The Adviser agrees: (1) that the blended fee in basis points charged
to the Trust will not exceed the blended fee in basis points charged to
an account of the same or smaller size; and (2) that the actual annual
dollar fee paid by any other client of the same or larger size for whom
the Adviser provides investment advisory services will not be less than
the actual annual dollar fee paid by the Trust. In the event that the
fee charged to the Trust exceeds the fee charged to an account described
in (1) or (2) above, the fee charged to the Trust shall automatically be
reduced to match the fee charged to such other account from the time
such fee is charged to such other account."
b. Schedule A of the Agreement is hereby amended and replaced with
Schedule A, dated as of September 1, 2003 (attached hereto).
2. Ratification and Confirmation of Agreement. Except as specifically set
forth herein, the Agreement is hereby ratified and confirmed in all
respects and shall remain in full force and effect.
3. Counterparts.

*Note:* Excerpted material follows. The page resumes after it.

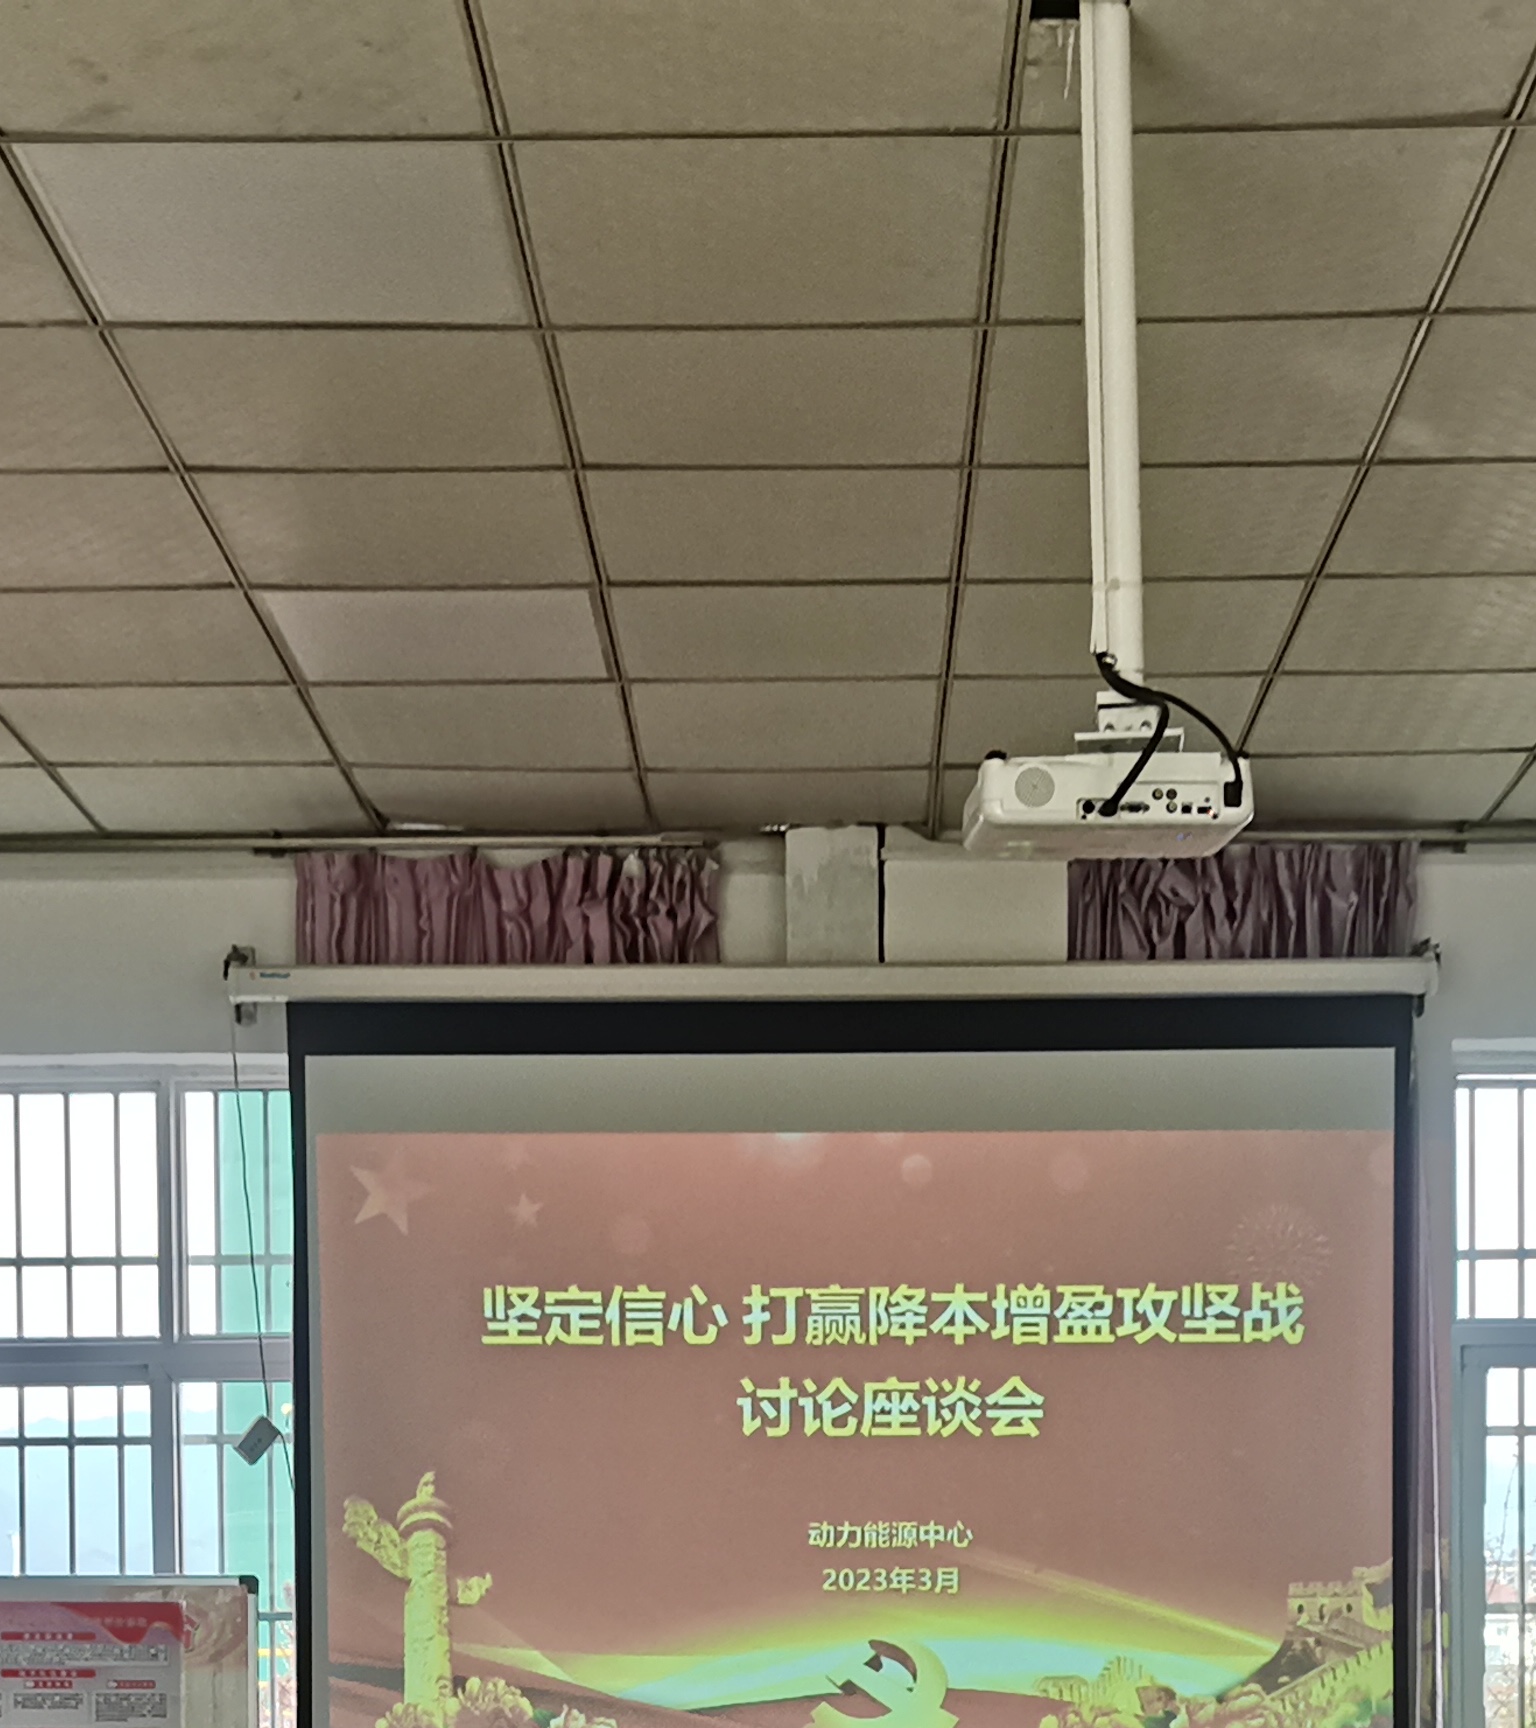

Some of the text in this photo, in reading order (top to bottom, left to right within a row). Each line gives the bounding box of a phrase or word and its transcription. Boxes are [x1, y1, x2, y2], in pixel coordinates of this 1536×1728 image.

This amendment may be executed in counterparts, each of
which shall be deemed to be an original, but all of which together shall
constitute one and the same instrument.
IN WITNESS WHEREOF, the parties hereto have duly executed this Amendment to
be effective as of the 1st day of September, 2003.
BARROW, HANLEY, AMR INVESTMENT SERVICES, INC.
XXXXXXXXX & XXXXXXX, INC.
By: ______________________________ By:_____________________________
Name: Xxxxxxx X. Xxxxx
Title: President
Address: Address:
0000 XxXxxxxx Xxxxxx, 15th Floor 0000 Xxxx Xxxxxx Xxxx., XX 0000
Xxxxxx, XX 00000 Ft. Xxxxx, XX 00000
Attn: Xxxxx Xxxxx Attn: Xxxxxxx X. Xxxxx
Fax: (000) 000-0000 Fax: (000) 000-0000
2
Schedule A
to the
American AAdvantage Funds
Investment Advisory Agreement
between
AMR Investment Services, Inc.
and
Barrow, Hanley, Xxxxxxxxx & Xxxxxxx, Inc.

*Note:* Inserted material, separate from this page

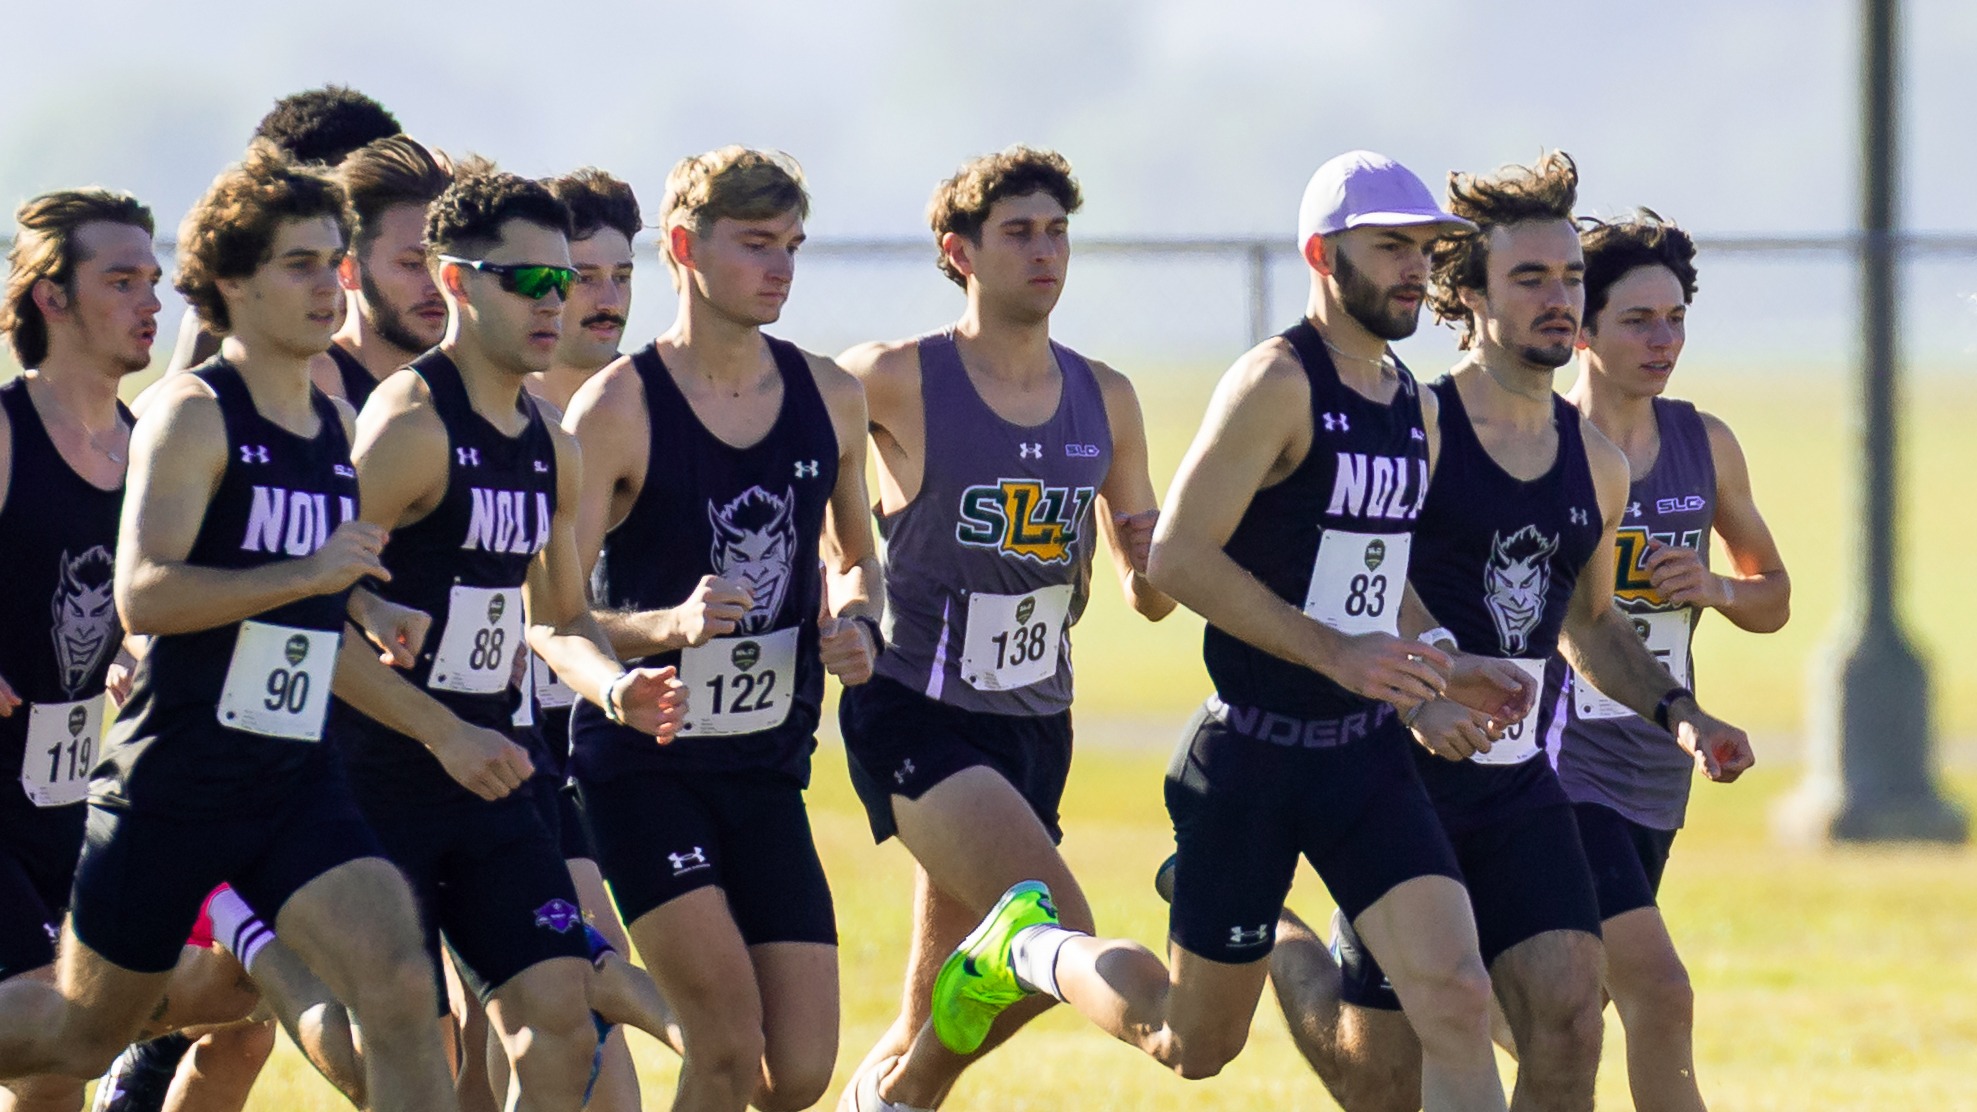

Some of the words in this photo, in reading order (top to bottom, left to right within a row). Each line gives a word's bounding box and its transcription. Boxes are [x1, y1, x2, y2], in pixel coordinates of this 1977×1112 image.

AMR Investment Services, Inc. ("AMRIS") shall pay compensation to
Barrow, Hanley, Xxxxxxxxx & Xxxxxxx, Inc. ("Xxxxxx") pursuant to section 3 of
the Investment Advisory Agreement between said parties in accordance with the
following annual percentage rates for all Balanced and Large Cap Value assets
under Xxxxxx'x management:
0.30% per annum on the first $200 million
0.20% per annum on the next $300 million
0.15% per annum on the next $500 million
0.125% per annum on the excess over $1 billion.

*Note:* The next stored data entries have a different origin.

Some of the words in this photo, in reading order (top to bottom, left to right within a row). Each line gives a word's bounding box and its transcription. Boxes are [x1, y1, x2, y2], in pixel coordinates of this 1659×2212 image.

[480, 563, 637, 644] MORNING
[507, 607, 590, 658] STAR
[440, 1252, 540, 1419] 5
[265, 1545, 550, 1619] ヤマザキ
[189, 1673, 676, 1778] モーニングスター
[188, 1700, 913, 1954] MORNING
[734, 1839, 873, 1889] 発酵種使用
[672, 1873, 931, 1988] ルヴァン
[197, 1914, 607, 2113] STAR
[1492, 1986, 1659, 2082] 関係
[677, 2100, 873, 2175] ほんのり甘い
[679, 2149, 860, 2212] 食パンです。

In calculating the amount of Balanced and Large Cap Value assets under
management solely for the purpose of determining the applicable percentage rate,
there shall be included all other assets or trust assets of American Airlines,
Inc. also under management by the Investment Manager (except assets managed by
the Investment Manager under the HALO Bond Program).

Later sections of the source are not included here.